During long-term growth in static liquid culture,  Pseudomonas fluorescens diversifies into distinct colony types with the following characteristics: wrinkly spreaders that form biofilms at the oxygen-rich surface, smooth morphs that grow freely in the oxygen-poor bottom layer, and fuzzy types that colonise the intermediate zone. Which one of the following evolutionary processes best explains this ecological diversification?

A.

Genetic drift resulting in differential microhabitat use

B.

Adaptive radiation into different microhabitats

C.

Coevolution between the distinct  P. fluorescens strains in microhabitats

D.

Convergent evolution among unrelated bacterial species

Correct option is B

Correct Answer:  (b)
Explanation: The diversification of  Pseudomonas fluorescens into multiple morphotypes occupying distinct oxygen-defined niches reflects adaptation to different microhabitats within the same environment.
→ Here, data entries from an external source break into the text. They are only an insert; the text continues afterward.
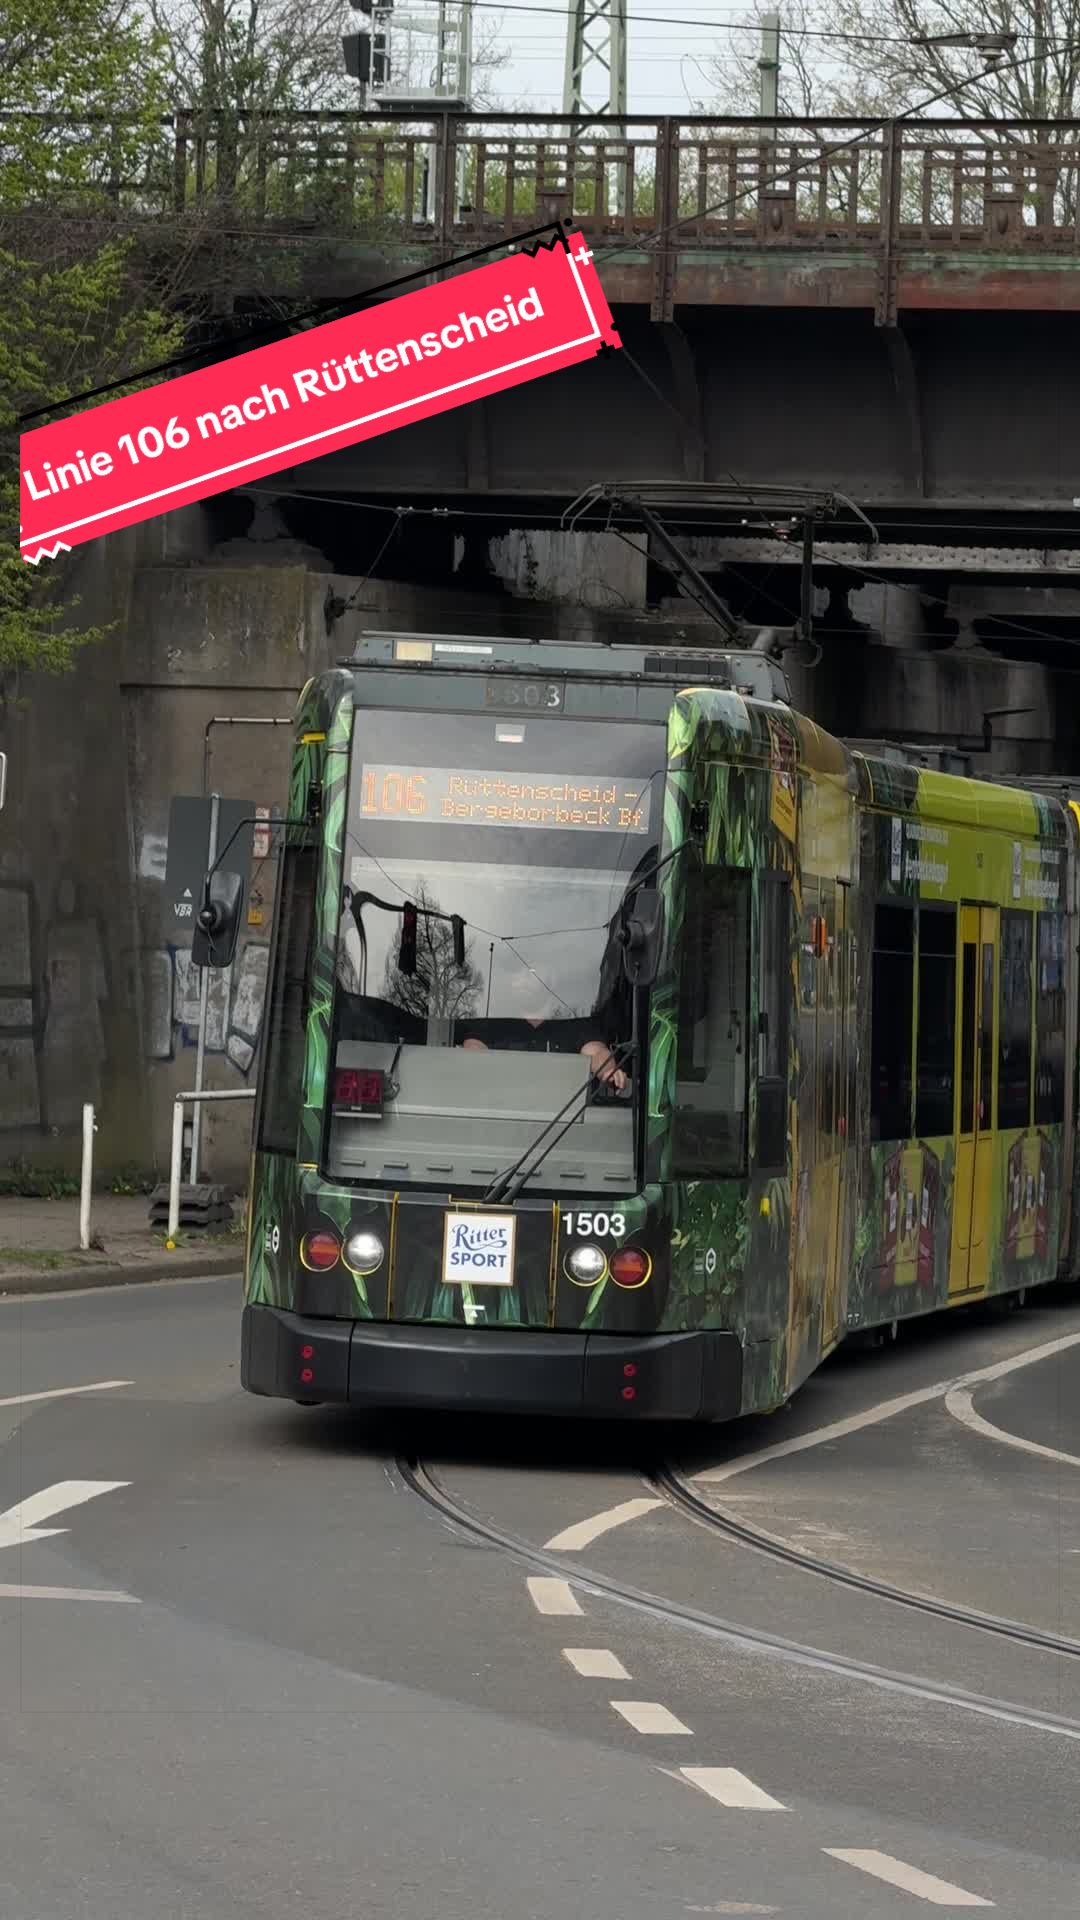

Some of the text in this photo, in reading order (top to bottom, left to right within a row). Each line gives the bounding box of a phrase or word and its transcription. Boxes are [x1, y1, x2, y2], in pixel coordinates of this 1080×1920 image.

[361, 771, 427, 816] 106
[448, 775, 617, 804] Rüttenscheid
[440, 798, 644, 827] Bergeborbeck Bf
[562, 1206, 626, 1237] 1503
[452, 1223, 508, 1251] Ritter
[450, 1251, 508, 1268] SPORT
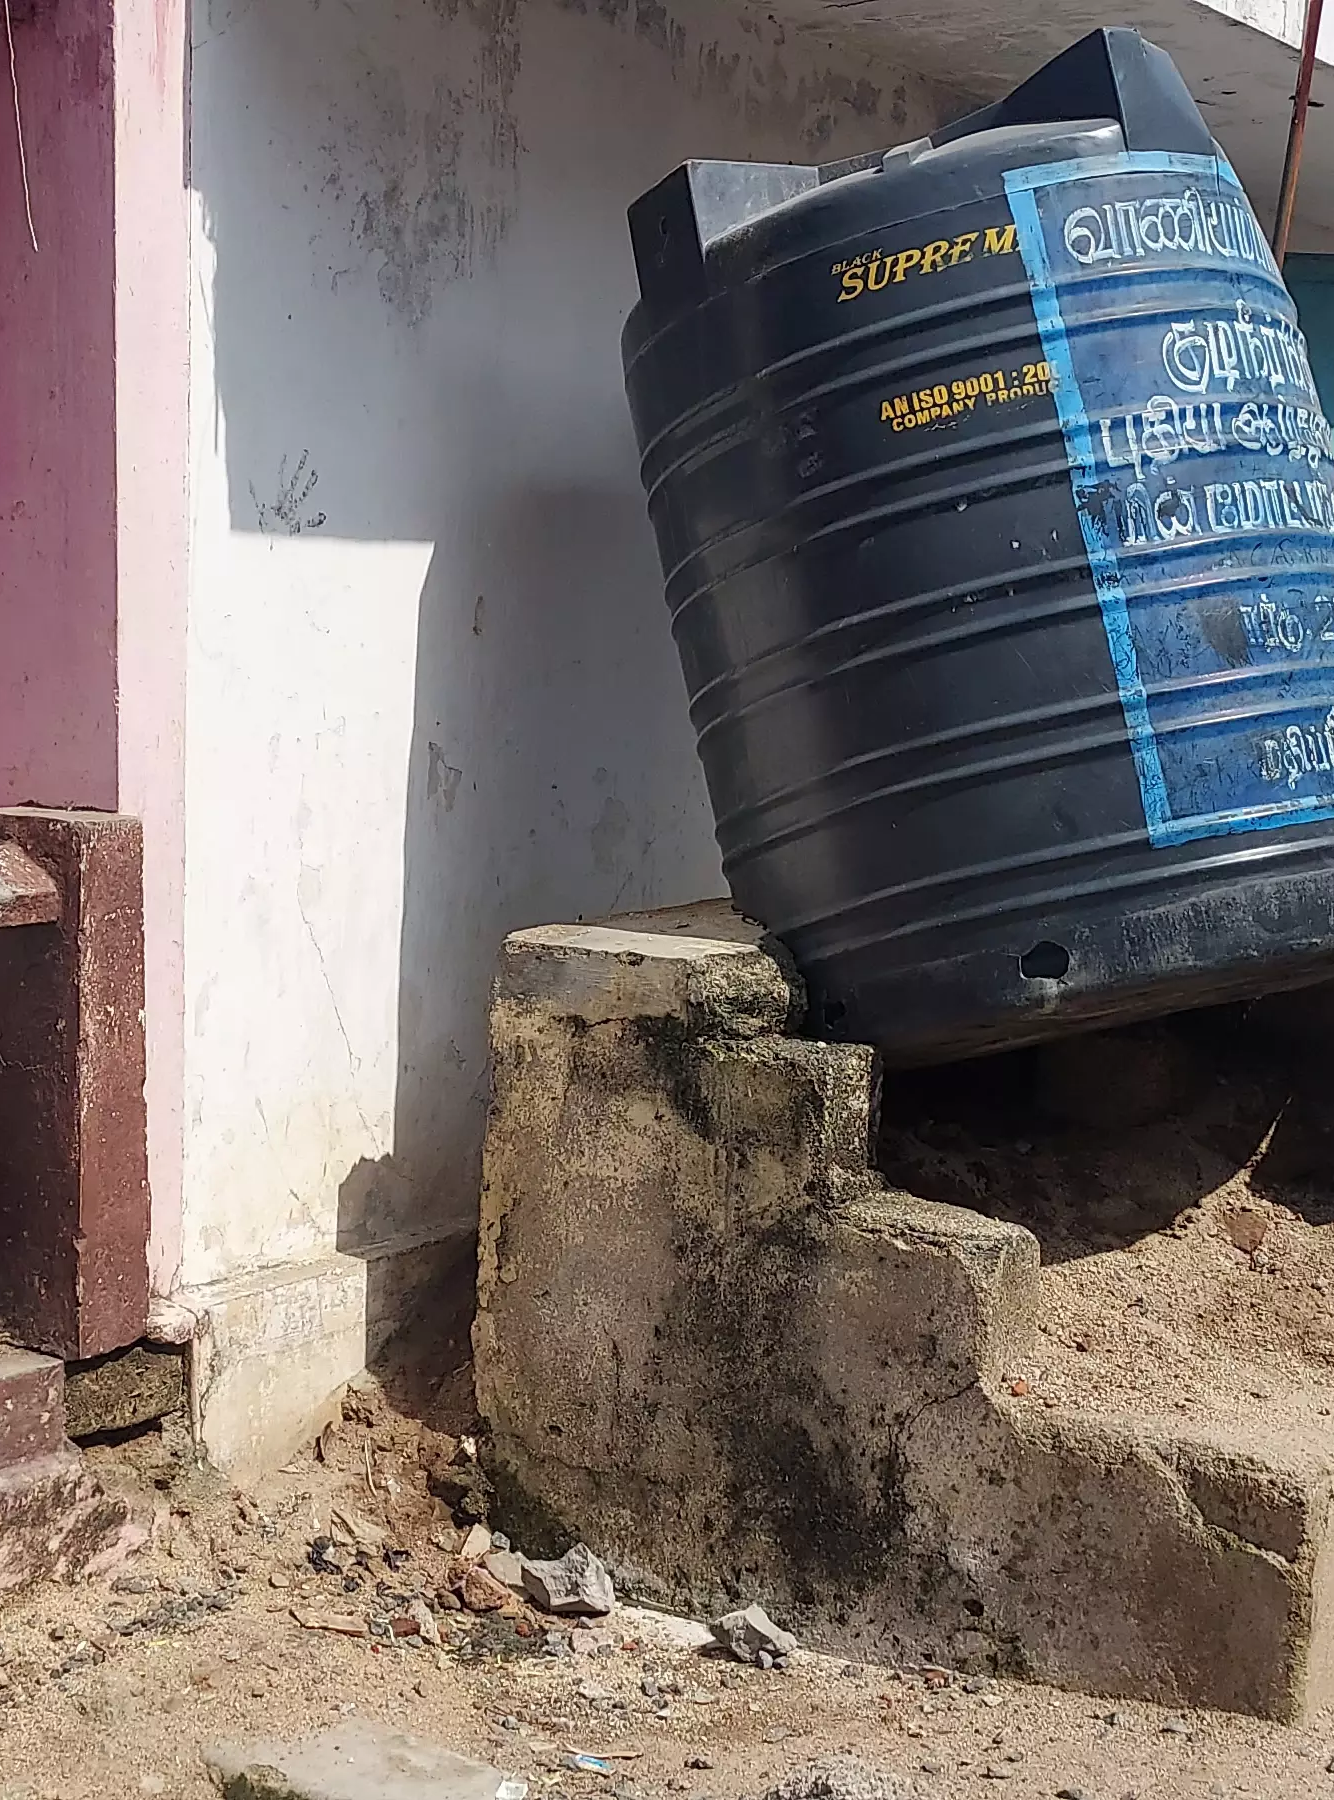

Each morph exhibits traits that enhance fitness in its specific zone, such as biofilm formation at the surface or free-living growth in low-oxygen regions. This pattern is characteristic of adaptive radiation, where a single ancestral population rapidly diversifies into ecologically specialized forms under divergent selection pressures.
Information Booster
· Adaptive radiation occurs when ecological opportunity allows diversification into multiple niches.
· The static liquid culture creates strong spatial gradients, especially of oxygen.
· Wrinkly spreaders gain fitness by forming biofilms at the air–liquid interface.
· Smooth morphs are better adapted to planktonic growth in oxygen-poor zones.
· Natural selection, not chance alone, drives the maintenance of these distinct morphs.
Additional Knowledge
Genetic drift is unlikely to consistently produce morphs precisely suited to specific microhabitats, making option (a) inappropriate. Coevolution implies reciprocal evolutionary change between interacting lineages, which is not required to explain this pattern. Convergent evolution involves unrelated species independently evolving similar traits, whereas the observed diversity arises within a single bacterial species. Thus, adaptive radiation best explains the observed ecological diversification.